Braunschweig. Schlafmediziner Jörn Schroeder-Richter spricht über nächtliche Atemaussetzer, Messbarkeit von Schlaf und gibt Tipps für eine gute Nacht.

Was in Film oder Literatur lustig, romantisch oder poetisch erscheint, macht Menschen in der Realität ganz schön fertig: Schlafstörungen. Vor allem Menschen, die nachts extrem schnarchen oder andere Atemprobleme haben, landen oft irgendwann im Schlaflabor.

Der Leiter des Braunschweiger Schlaflabors, Jörn Schroeder-Richter, sitzt vor einem Bildschirm mit Daten zu Atmung, Kreislauf und Hirnströmen eines Patienten.
Der Leiter des Braunschweiger Schlaflabors, Jörn Schroeder-Richter, sitzt vor einem Bildschirm mit Daten zu Atmung, Kreislauf und Hirnströmen eines Patienten. © BestPixels.de | Guenter Poley

Am Braunschweiger Klinikum kümmert sich dann Jörn Schroeder-Richter, Facharzt für Innere Medizin, Pneumologie und Schlafmedizin, um sie. Er ist einer der Experten, die am Dienstag bei „Logo – Wissenschaft aus Braunschweig“, eine Veranstaltung unserer Zeitung mit NDR Info, über das Thema „Wenn die Nacht zur Qual wird – Volkskrankheit Schlafstörung“ diskutieren. Mit Schroeder-Richter sprach Jens Gräber.

Welche Daten werden im Schlaflabor eigentlich von den Patienten aufgezeichnet und wofür brauchen Sie die?

Unser Schlaflabor ist spezialisiert auf Patienten mit schlafbezogenen Atmungsstörungen. Das umfasst 40 bis 50 Prozent aller Patienten, die wegen Schlafproblemen medizinische Hilfe in Anspruch nehmen. Was wir hier messen, ist speziell auf Atmungsprobleme im Schlaf abgestimmt. Viel wichtiger ist aber, dass man sich mit den Patienten unterhält und herausfindet, was sie eigentlich für ein Problem haben.
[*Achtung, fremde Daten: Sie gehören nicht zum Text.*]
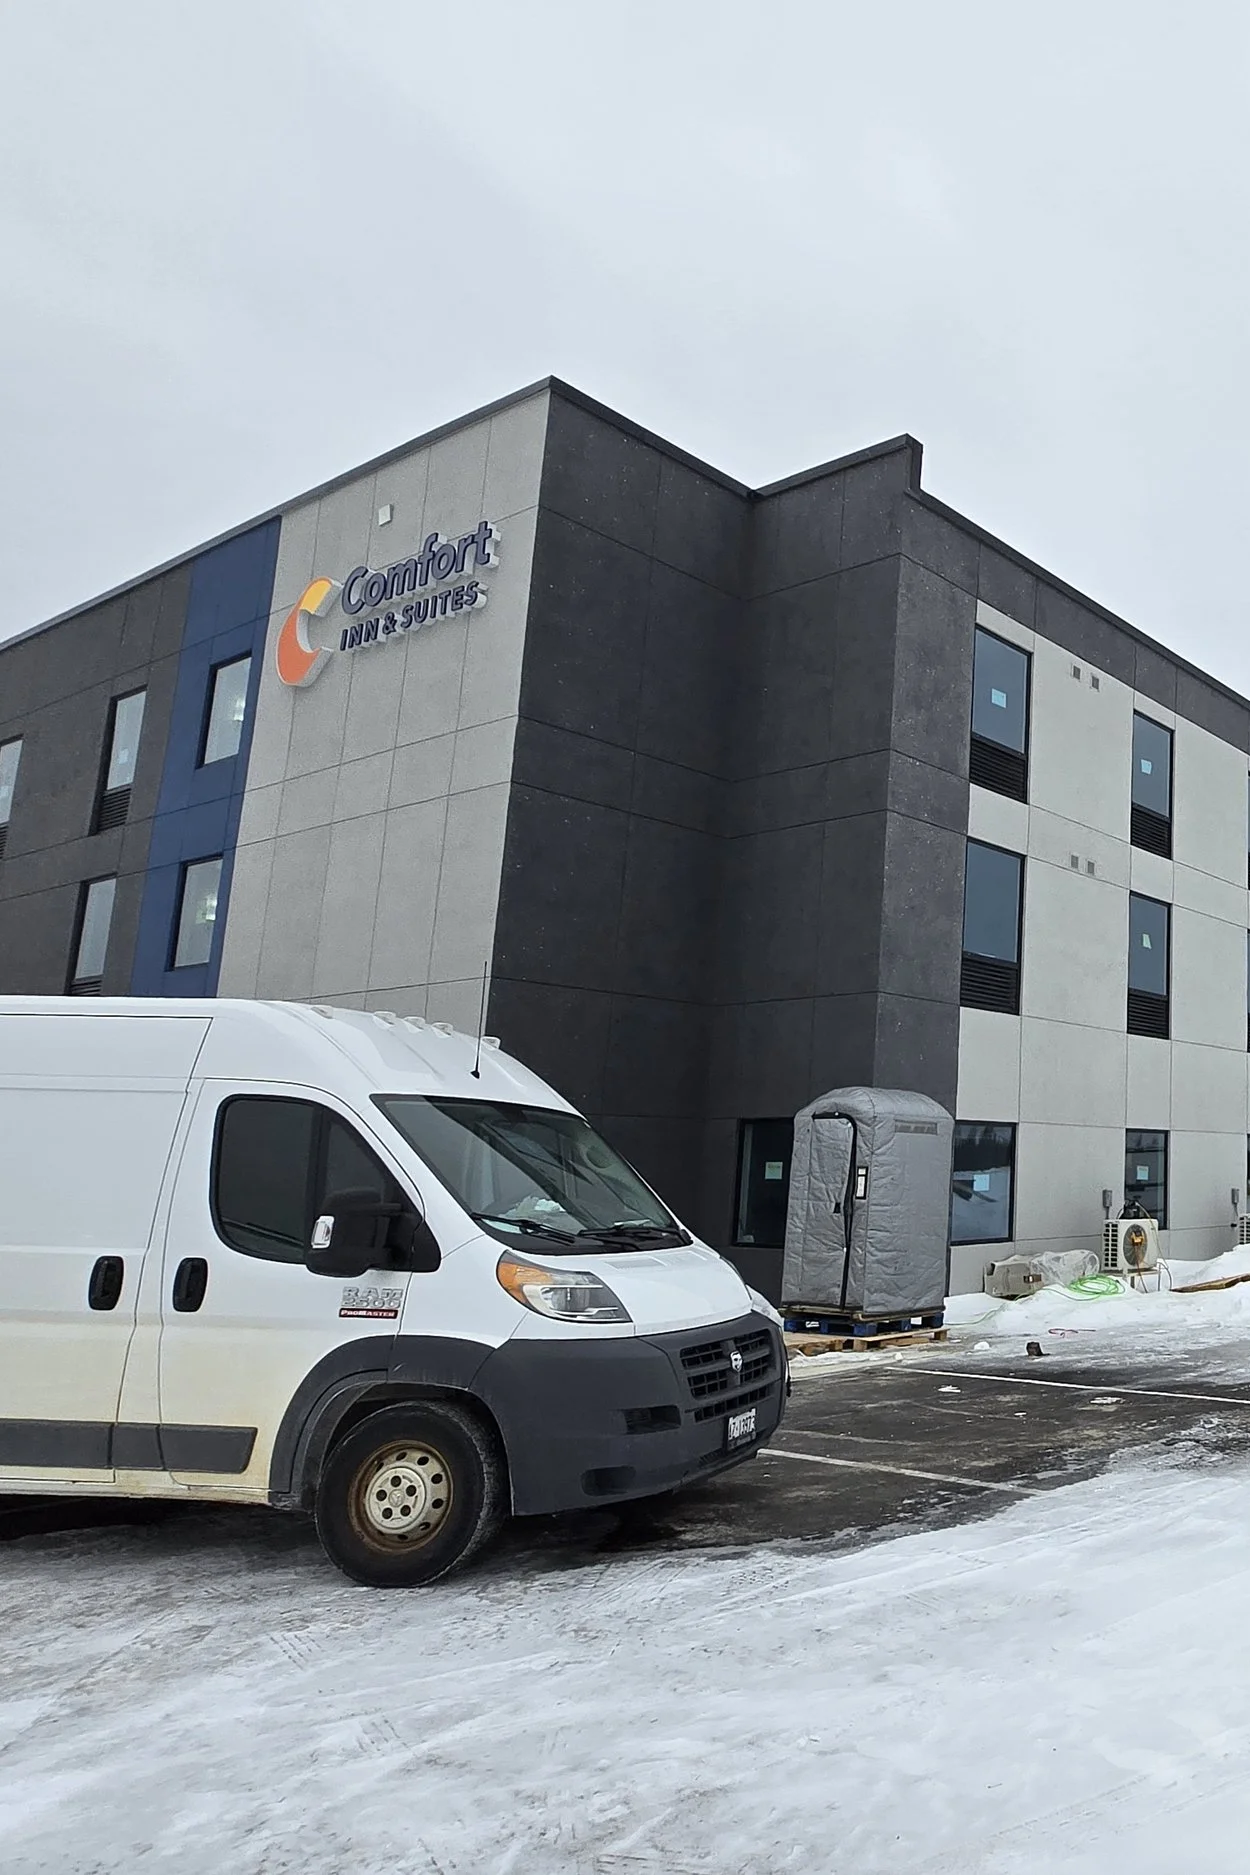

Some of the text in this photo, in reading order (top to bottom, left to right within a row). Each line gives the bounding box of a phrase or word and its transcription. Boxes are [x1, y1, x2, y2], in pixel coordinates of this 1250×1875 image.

[341, 520, 493, 616] Comfort
[339, 580, 480, 651] INN & SUITES
[342, 1286, 404, 1298] RAM
Und man muss klären, ob das, was wir ihnen anbieten, dann auch wirklich hilft.

Welche Daten werten Sie zum Beispiel aus?
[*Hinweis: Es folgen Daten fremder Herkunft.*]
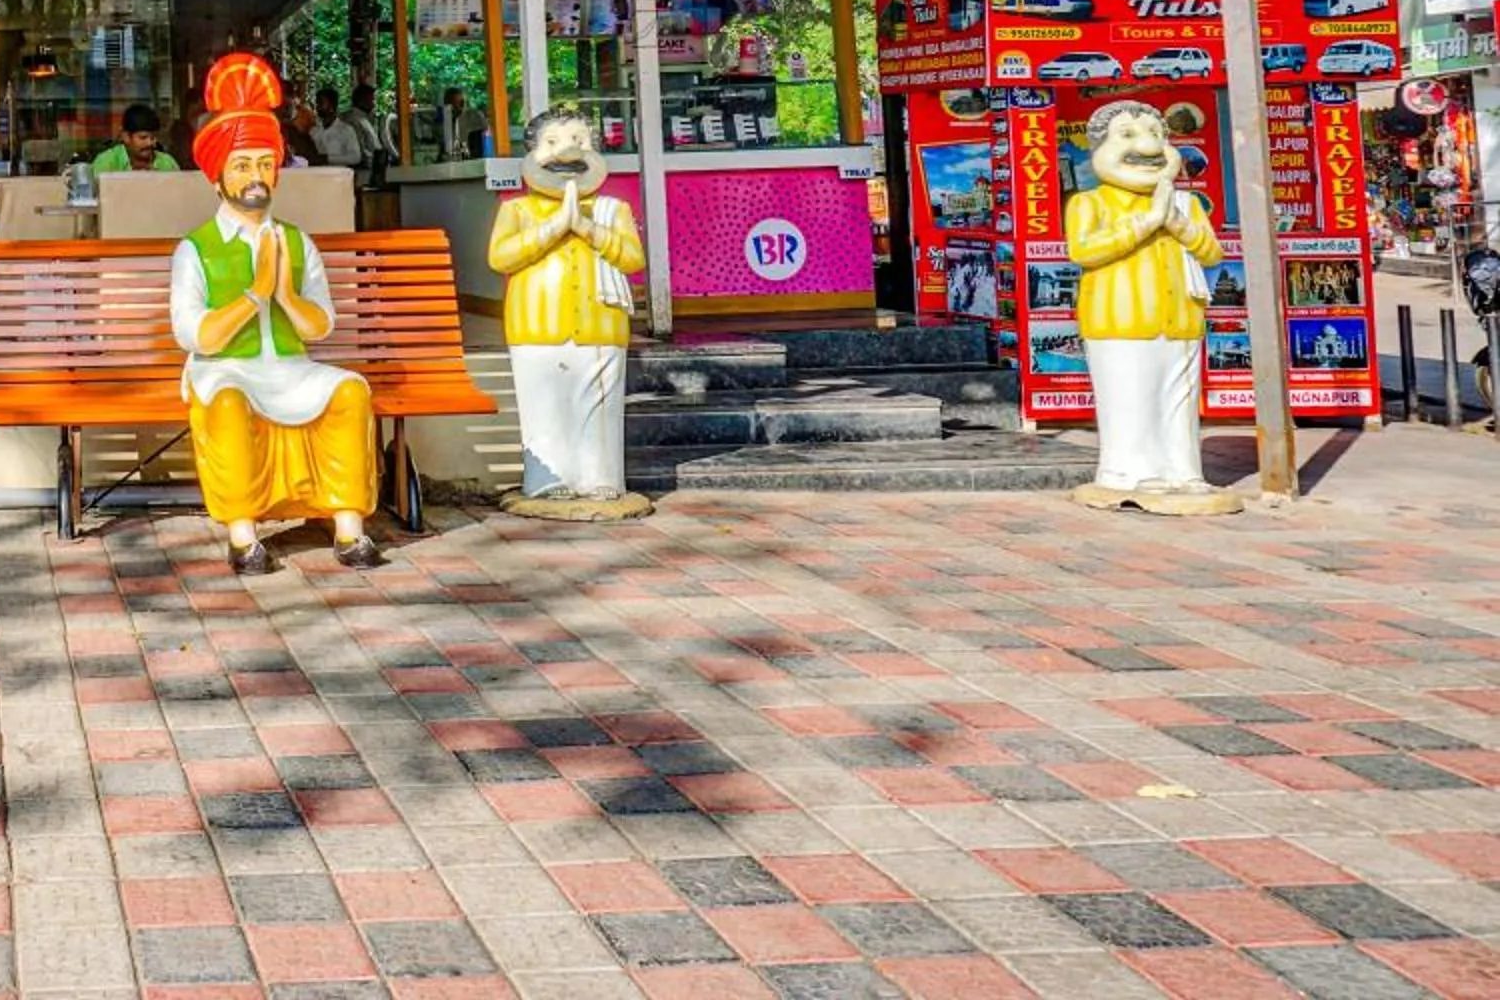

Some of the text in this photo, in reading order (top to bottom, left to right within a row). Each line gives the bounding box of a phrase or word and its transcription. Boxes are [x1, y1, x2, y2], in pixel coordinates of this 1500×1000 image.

Bei meinen Patienten hier ist meistens schon relativ klar, dass ihre Probleme etwas mit der Atmung zu tun haben. Gründe für schlechten Schlaf gibt es aber noch viel mehr. Auch wer Atmungsprobleme hat, hat dazu oft noch andere Probleme mit dem Schlaf. Das muss man im Gespräch mit den Menschen erfassen.

Mit der Ausrüstung hier kann ich den Schlaf selbst messen, die Atmung, die Kreislauftätigkeit, die Herztätigkeit, die Hirnströme. Bei letzteren gibt es verschiedene Kategorien, wonach dann beurteilt wird, ob es Schlaf ist oder nicht und ob er gut oder gestört ist. Das muss allerdings nicht unbedingt damit zusammenfallen, was der Patient erlebt. Die Messung und die Klassifizierung findet natürlich auf einem relativ abstrakten Niveau statt, und dem Patienten selbst kann es egal sein, welches Schlaflevel er nach den Regeln der amerikanischen Schlafgesellschaft erreicht. Er will am nächsten Morgen erholt sein.

Wenn man also schlecht schläft, merkt man das vor allem daran, dass man tagsüber müde ist?

Gerade bei Patienten mit Atmungsstörungen ist es recht häufig so, dass sie wenig merken, außer der Müdigkeit. Der Antrieb, ins Schlaflabor zu kommen, geht dann meistens von ihren Partnerinnen oder Partnern aus. Die sind in der Regel stark genervt, wenn jemand neben ihnen immer wieder Atemaussetzer hat, sie dann aufwachen und vielleicht sogar Angst haben, dass er gar nicht mehr weiter atmet.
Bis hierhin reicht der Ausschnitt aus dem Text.